### Work item
Reproduce every entry below exactly, minus the pictures.

━━━━━ Given data

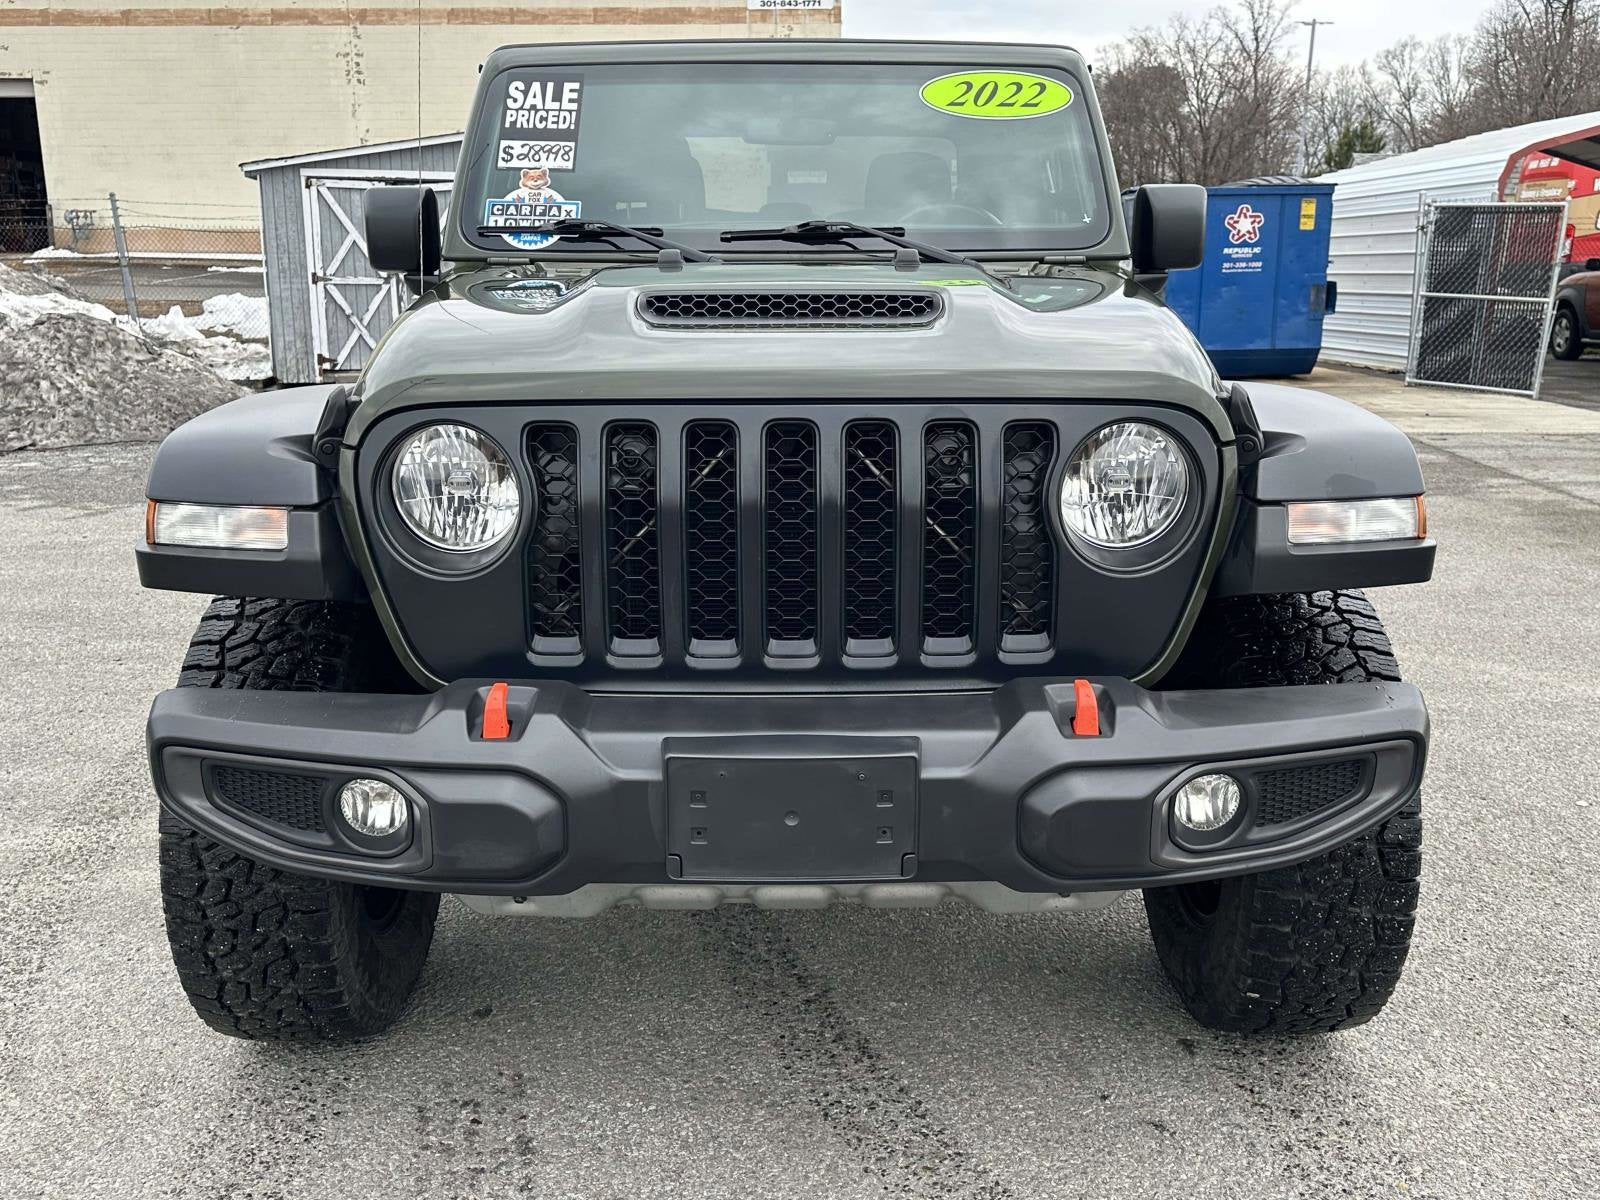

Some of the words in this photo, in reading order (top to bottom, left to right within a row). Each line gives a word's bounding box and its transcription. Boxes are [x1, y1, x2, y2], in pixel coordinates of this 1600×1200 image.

[506, 81, 580, 111] SALE
[945, 80, 1047, 108] 2022
[504, 110, 577, 130] PRICED!
[493, 205, 573, 218] CARFAX
[1223, 247, 1262, 255] REPUBLIC
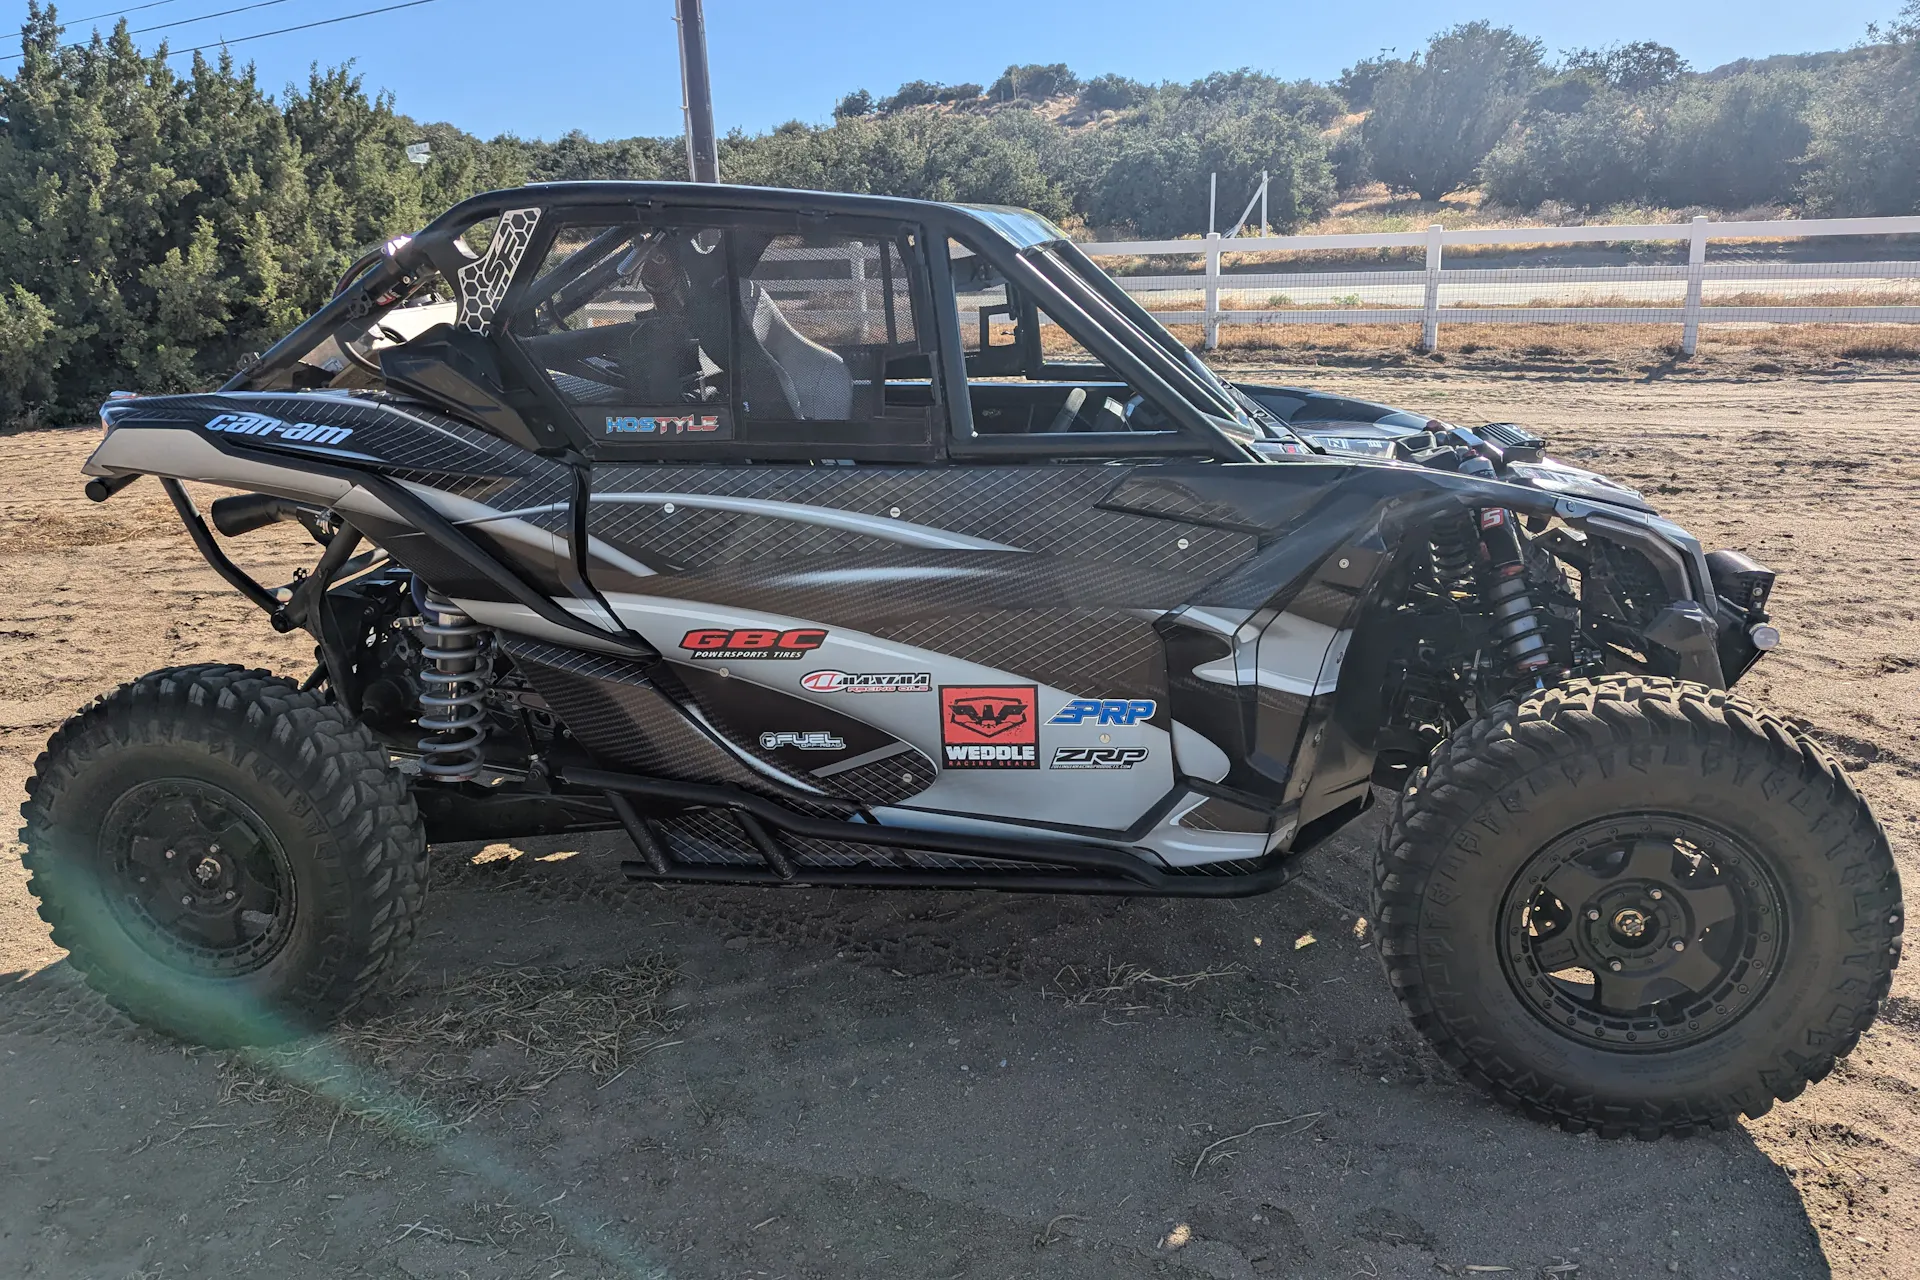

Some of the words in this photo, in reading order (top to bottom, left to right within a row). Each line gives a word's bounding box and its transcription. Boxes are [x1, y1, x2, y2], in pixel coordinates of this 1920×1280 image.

━━━━━━━━━━

### Expected answer
Some of the words in this photo, in reading order (top to bottom, left to right within a row). Each line gives a word's bounding box and its transcription. Boxes are [x1, y1, x2, y2], in pixel coordinates of this 1600×1200 image.

[506, 81, 580, 111] SALE
[945, 80, 1047, 108] 2022
[504, 110, 577, 130] PRICED!
[493, 205, 573, 218] CARFAX
[1223, 247, 1262, 255] REPUBLIC

Some of the words in this photo, in reading order (top to bottom, left to right within a row). Each line gives a word's bounding box and its transcription. Boxes are [x1, y1, x2, y2], in pixel coordinates of this 1920×1280 image.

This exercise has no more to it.